Source records:
========================

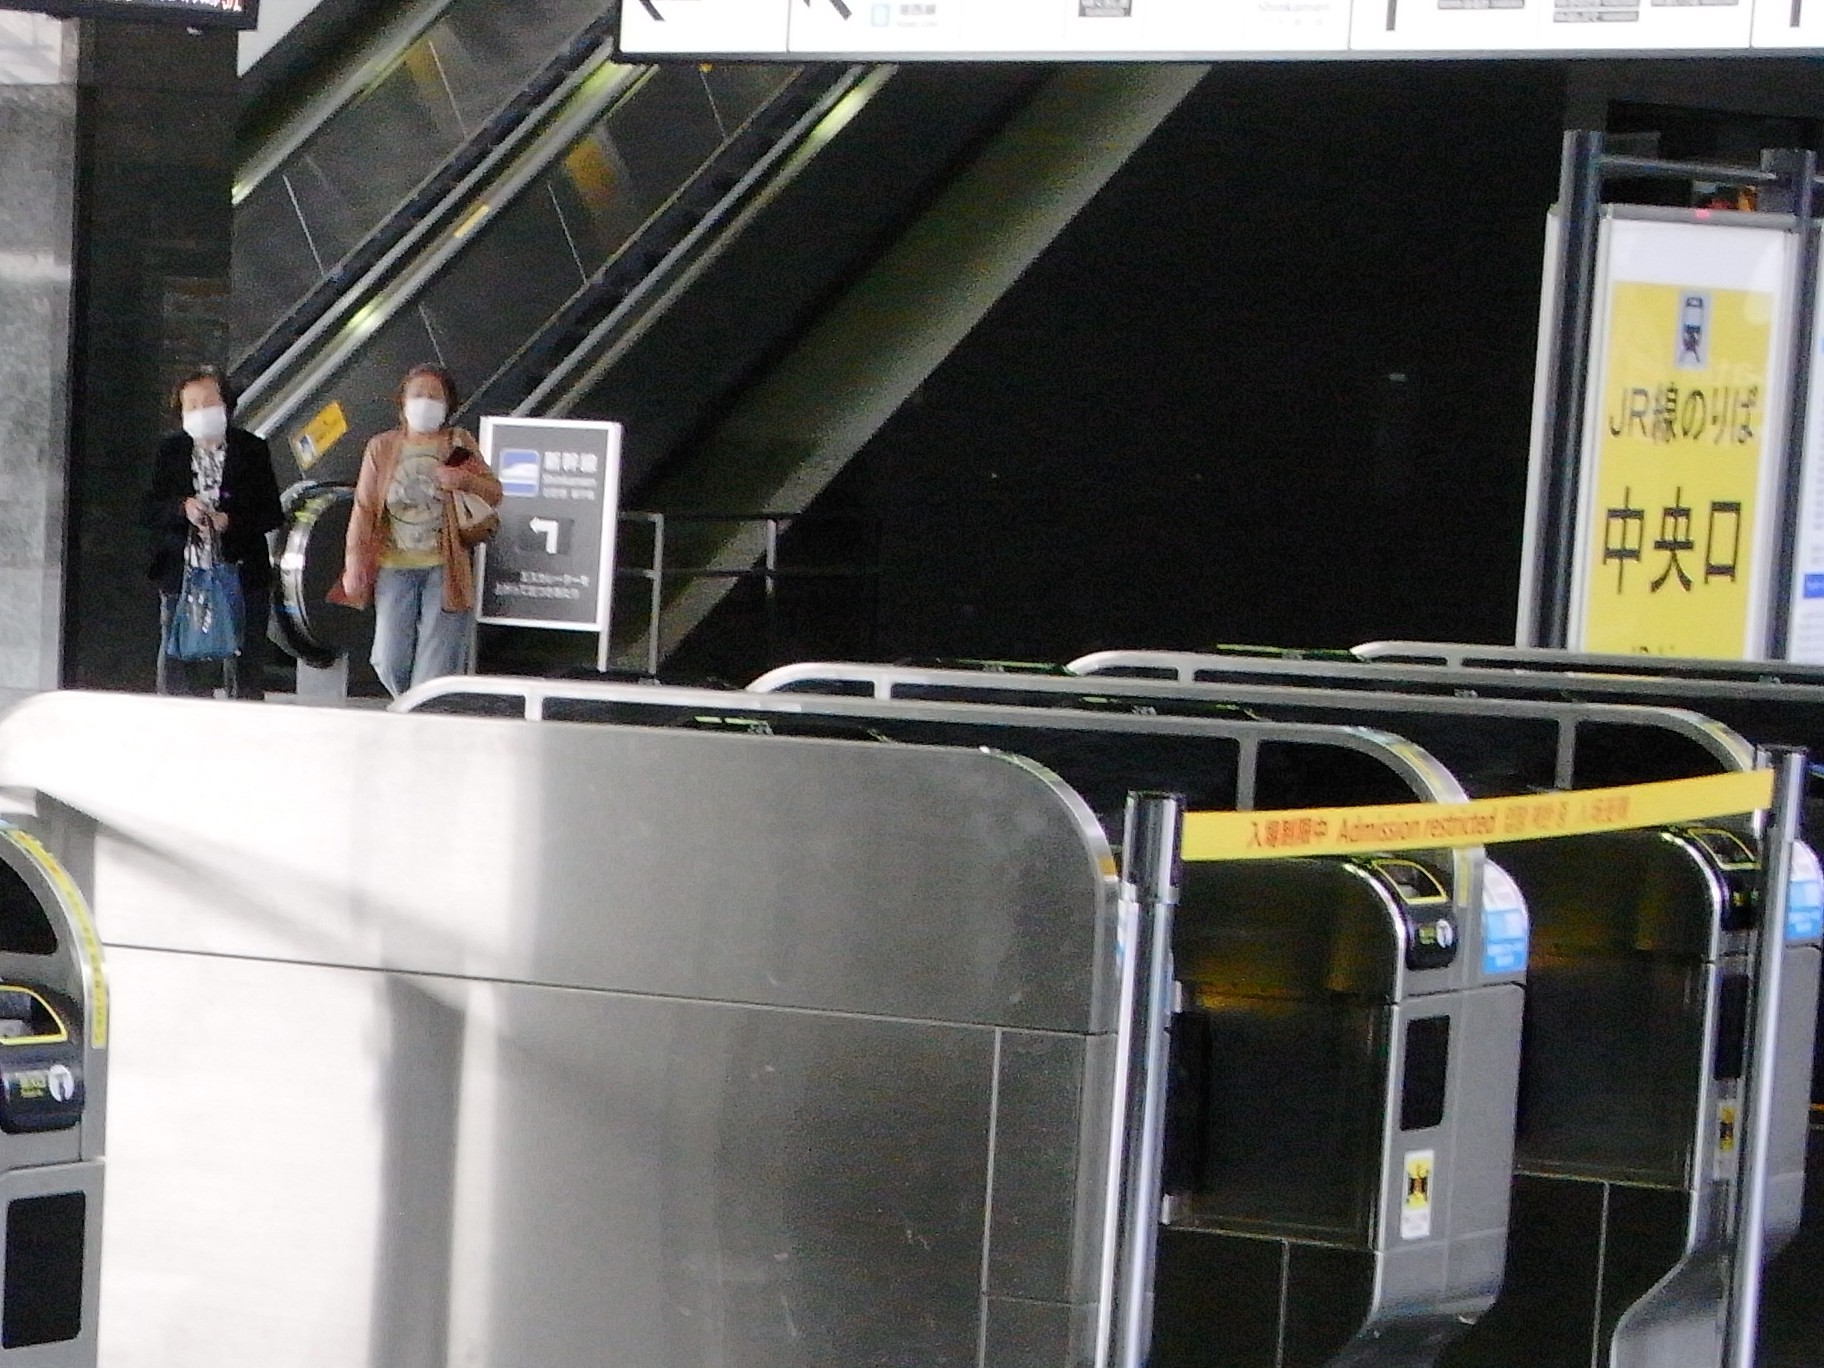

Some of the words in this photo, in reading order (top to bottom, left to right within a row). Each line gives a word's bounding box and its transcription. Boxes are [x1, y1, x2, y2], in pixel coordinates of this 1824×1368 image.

[1608, 381, 1759, 444] JR線のりば
[1602, 486, 1742, 595] 中央口
[1336, 814, 1421, 844] Admission
[1424, 810, 1498, 837] restricted

========================

Your objective: Produce a verbatim transcription of every line in the listing, images omitted.

Response area:
Some of the words in this photo, in reading order (top to bottom, left to right within a row). Each line gives a word's bounding box and its transcription. Boxes are [x1, y1, x2, y2], in pixel coordinates of this 1824×1368 image.

[1608, 381, 1759, 444] JR線のりば
[1602, 486, 1742, 595] 中央口
[1336, 814, 1421, 844] Admission
[1424, 810, 1498, 837] restricted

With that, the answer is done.